ABOUT THIS EXERCISE:
Quote the lines below exactly, from the one that holds "this 1844×1356 image." through the final line of the records, and only those.

DATASET:

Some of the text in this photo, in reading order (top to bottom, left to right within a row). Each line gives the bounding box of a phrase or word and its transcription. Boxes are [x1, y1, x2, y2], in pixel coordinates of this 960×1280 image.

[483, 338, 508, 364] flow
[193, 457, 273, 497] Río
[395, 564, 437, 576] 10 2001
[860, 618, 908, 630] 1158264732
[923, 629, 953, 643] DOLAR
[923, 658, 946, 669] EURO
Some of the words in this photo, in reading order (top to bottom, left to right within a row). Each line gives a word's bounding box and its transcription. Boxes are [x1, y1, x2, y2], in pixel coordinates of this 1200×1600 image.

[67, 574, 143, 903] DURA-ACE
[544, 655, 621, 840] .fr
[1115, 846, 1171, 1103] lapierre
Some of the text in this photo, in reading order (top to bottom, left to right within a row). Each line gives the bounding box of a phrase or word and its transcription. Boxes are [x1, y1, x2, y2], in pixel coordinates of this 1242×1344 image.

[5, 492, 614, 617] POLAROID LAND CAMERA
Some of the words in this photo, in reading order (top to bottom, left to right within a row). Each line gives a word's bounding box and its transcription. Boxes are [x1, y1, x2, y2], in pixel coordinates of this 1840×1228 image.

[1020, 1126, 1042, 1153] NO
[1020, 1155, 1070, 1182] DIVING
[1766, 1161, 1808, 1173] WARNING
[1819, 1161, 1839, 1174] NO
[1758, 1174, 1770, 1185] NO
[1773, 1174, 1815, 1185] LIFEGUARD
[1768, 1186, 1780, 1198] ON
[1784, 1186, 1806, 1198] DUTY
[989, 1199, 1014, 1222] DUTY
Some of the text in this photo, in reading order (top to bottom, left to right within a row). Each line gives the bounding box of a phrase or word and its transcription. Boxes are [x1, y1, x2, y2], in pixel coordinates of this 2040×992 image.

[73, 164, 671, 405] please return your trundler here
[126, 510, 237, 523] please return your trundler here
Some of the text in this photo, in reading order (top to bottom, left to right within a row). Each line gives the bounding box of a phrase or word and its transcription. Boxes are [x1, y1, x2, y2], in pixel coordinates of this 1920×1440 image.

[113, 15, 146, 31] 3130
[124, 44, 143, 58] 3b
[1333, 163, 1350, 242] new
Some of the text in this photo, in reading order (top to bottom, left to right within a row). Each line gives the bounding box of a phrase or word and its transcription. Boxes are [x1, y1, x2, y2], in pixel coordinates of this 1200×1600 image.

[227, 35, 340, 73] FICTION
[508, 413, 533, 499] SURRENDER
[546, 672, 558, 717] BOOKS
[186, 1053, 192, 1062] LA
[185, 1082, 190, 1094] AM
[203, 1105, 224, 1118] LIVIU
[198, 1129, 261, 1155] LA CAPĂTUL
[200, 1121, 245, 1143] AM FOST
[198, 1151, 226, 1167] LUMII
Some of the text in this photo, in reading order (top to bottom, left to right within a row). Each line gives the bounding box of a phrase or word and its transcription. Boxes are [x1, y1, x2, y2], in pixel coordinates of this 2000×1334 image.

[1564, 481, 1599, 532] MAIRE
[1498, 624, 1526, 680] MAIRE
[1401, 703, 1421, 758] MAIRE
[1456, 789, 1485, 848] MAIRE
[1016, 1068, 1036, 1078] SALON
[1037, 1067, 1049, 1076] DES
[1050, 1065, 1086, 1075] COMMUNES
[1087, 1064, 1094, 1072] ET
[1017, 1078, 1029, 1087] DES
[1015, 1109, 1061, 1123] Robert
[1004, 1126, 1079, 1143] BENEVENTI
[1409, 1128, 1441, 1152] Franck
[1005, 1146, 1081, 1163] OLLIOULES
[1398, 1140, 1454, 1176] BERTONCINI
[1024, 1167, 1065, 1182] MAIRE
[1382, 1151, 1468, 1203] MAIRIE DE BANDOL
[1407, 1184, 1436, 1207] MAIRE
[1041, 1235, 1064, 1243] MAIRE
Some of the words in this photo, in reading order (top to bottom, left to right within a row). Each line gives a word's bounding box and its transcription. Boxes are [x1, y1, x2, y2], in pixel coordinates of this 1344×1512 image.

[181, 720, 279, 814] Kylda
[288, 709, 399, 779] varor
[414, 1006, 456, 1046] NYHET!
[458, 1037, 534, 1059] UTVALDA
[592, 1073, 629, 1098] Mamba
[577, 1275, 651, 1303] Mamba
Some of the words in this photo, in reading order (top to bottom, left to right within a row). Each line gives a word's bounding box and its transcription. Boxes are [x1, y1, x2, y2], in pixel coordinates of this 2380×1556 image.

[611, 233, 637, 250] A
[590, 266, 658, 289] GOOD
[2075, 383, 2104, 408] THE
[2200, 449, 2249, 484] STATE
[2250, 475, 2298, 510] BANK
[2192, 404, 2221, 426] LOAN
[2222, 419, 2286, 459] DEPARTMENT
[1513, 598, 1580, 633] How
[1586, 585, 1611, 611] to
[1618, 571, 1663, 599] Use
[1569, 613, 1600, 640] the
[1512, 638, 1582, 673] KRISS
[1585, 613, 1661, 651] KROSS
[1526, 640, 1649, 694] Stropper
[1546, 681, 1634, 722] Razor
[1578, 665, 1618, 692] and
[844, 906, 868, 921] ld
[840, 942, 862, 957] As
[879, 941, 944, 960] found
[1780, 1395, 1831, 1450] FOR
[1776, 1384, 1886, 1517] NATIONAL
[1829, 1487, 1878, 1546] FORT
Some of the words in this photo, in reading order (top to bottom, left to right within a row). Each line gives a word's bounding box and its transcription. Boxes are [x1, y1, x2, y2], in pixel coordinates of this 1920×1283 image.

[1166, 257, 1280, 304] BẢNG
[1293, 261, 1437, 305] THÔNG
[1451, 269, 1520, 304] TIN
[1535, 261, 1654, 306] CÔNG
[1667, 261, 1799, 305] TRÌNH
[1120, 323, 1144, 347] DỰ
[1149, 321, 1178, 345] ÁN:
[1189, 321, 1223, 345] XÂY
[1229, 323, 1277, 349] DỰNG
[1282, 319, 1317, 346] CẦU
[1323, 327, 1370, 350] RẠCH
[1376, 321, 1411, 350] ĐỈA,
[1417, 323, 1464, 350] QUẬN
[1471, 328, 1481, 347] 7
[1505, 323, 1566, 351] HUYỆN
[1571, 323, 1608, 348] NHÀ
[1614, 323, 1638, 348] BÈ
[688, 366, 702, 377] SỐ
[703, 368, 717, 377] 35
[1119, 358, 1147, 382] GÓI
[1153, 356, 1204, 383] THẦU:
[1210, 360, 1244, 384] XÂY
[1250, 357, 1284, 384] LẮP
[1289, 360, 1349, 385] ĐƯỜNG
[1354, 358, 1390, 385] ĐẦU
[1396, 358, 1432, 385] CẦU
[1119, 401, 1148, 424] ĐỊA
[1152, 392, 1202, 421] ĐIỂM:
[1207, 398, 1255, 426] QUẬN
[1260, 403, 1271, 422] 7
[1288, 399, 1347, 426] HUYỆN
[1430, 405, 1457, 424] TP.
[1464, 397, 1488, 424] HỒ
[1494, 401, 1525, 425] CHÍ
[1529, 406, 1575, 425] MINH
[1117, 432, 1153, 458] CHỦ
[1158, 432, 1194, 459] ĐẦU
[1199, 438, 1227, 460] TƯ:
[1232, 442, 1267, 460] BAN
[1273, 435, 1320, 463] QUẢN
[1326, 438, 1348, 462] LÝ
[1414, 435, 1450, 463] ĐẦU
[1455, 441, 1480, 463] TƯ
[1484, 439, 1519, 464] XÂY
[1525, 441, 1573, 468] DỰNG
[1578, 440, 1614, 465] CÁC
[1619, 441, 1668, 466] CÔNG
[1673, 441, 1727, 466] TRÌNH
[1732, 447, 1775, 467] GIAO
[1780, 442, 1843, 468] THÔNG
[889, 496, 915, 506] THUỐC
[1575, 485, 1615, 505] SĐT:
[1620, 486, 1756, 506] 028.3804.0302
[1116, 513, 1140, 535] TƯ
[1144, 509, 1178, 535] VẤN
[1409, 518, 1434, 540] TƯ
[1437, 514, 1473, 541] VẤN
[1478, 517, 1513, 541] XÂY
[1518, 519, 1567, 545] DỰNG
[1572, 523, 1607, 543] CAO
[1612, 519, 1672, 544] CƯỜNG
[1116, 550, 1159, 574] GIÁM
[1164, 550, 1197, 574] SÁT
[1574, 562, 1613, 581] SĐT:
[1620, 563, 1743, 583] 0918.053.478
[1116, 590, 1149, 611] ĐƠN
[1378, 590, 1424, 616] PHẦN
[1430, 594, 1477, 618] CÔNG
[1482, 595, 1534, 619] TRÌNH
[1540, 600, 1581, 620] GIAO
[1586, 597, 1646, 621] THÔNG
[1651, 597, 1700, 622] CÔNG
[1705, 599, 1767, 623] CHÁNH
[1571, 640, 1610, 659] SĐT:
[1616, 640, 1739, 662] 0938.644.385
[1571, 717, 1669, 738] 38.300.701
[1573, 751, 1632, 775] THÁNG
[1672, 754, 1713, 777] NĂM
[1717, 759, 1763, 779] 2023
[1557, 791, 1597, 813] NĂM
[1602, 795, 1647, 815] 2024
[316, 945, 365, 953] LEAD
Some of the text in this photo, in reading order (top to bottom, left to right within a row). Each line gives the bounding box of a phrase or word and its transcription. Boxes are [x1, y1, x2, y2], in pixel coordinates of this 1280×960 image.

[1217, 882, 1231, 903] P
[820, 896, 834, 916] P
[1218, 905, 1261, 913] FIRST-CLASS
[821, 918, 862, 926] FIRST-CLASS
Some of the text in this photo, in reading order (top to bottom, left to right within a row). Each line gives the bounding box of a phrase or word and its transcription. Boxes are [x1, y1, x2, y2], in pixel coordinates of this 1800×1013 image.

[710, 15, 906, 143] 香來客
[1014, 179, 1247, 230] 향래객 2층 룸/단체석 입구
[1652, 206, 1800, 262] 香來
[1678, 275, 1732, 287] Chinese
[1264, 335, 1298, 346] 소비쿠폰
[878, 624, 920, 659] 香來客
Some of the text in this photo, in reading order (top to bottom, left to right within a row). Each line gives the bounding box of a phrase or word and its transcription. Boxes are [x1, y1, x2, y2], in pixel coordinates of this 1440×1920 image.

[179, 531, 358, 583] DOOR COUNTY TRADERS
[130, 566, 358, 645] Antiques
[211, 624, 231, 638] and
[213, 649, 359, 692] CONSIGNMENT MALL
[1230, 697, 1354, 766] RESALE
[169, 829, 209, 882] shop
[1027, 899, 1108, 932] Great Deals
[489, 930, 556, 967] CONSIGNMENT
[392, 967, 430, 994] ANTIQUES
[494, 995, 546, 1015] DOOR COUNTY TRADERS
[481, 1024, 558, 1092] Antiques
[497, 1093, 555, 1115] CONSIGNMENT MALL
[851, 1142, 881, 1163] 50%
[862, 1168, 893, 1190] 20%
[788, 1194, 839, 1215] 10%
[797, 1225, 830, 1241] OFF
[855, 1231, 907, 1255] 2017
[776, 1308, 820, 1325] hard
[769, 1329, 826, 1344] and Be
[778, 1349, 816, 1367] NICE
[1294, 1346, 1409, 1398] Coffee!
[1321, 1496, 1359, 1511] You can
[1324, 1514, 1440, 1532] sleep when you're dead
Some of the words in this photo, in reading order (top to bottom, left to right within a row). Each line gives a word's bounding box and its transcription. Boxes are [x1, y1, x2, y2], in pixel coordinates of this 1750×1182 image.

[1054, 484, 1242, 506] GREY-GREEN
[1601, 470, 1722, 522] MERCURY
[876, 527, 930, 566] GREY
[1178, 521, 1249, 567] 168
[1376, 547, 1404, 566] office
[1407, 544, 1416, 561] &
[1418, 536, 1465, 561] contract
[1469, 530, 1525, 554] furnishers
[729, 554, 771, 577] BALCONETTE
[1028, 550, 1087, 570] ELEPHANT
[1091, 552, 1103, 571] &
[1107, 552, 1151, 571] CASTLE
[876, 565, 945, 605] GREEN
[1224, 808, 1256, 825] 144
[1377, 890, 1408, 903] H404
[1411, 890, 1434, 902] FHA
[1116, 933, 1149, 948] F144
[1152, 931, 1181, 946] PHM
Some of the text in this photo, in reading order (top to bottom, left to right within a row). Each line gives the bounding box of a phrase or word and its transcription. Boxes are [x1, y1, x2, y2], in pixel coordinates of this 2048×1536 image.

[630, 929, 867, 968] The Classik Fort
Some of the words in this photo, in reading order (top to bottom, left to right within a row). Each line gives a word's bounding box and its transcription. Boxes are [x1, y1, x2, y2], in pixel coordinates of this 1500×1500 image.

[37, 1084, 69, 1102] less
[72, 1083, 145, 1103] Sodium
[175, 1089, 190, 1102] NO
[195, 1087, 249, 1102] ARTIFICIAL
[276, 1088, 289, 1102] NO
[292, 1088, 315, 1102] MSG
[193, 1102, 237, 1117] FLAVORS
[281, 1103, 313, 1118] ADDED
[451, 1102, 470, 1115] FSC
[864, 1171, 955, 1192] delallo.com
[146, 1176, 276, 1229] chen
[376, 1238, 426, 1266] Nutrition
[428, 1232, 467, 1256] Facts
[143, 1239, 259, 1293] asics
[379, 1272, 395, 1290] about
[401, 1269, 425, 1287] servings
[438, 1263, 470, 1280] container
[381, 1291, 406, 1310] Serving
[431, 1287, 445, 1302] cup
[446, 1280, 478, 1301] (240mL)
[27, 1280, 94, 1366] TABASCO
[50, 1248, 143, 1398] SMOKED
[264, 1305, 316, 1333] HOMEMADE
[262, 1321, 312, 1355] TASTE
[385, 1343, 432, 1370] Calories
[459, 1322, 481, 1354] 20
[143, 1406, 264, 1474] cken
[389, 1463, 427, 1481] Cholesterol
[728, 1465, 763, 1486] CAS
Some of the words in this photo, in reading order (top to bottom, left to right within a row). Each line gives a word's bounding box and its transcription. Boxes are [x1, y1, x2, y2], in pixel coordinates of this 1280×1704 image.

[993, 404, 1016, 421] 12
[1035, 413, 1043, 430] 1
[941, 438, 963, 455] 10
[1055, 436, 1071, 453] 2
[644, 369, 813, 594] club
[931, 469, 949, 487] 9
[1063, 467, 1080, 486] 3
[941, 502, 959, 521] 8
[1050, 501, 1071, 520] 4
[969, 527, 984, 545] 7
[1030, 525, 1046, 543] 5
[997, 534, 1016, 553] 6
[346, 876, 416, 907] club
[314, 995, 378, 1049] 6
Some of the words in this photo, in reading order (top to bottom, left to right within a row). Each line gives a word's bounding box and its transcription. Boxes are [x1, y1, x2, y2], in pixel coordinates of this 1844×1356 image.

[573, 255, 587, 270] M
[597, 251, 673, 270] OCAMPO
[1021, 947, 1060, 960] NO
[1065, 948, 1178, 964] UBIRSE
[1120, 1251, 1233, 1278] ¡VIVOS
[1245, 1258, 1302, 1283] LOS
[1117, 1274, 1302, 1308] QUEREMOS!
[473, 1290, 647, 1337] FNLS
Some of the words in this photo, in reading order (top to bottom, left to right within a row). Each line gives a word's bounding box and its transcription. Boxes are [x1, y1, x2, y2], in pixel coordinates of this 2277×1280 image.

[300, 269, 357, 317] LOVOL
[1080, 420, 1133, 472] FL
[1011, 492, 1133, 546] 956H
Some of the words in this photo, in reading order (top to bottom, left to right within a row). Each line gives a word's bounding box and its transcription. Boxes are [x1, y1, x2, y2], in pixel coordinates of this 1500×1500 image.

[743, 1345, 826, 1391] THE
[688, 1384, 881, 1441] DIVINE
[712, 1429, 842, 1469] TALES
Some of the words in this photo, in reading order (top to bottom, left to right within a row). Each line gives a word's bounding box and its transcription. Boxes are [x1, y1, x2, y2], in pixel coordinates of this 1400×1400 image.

ANSWER BOX:
Some of the words in this photo, in reading order (top to bottom, left to right within a row). Each line gives a word's bounding box and its transcription. Boxes are [x1, y1, x2, y2], in pixel coordinates of this 1844×1356 image.

[573, 255, 587, 270] M
[597, 251, 673, 270] OCAMPO
[1021, 947, 1060, 960] NO
[1065, 948, 1178, 964] UBIRSE
[1120, 1251, 1233, 1278] ¡VIVOS
[1245, 1258, 1302, 1283] LOS
[1117, 1274, 1302, 1308] QUEREMOS!
[473, 1290, 647, 1337] FNLS
Some of the words in this photo, in reading order (top to bottom, left to right within a row). Each line gives a word's bounding box and its transcription. Boxes are [x1, y1, x2, y2], in pixel coordinates of this 2277×1280 image.

[300, 269, 357, 317] LOVOL
[1080, 420, 1133, 472] FL
[1011, 492, 1133, 546] 956H
Some of the words in this photo, in reading order (top to bottom, left to right within a row). Each line gives a word's bounding box and its transcription. Boxes are [x1, y1, x2, y2], in pixel coordinates of this 1500×1500 image.

[743, 1345, 826, 1391] THE
[688, 1384, 881, 1441] DIVINE
[712, 1429, 842, 1469] TALES
Some of the words in this photo, in reading order (top to bottom, left to right within a row). Each line gives a word's bounding box and its transcription. Boxes are [x1, y1, x2, y2], in pixel coordinates of this 1400×1400 image.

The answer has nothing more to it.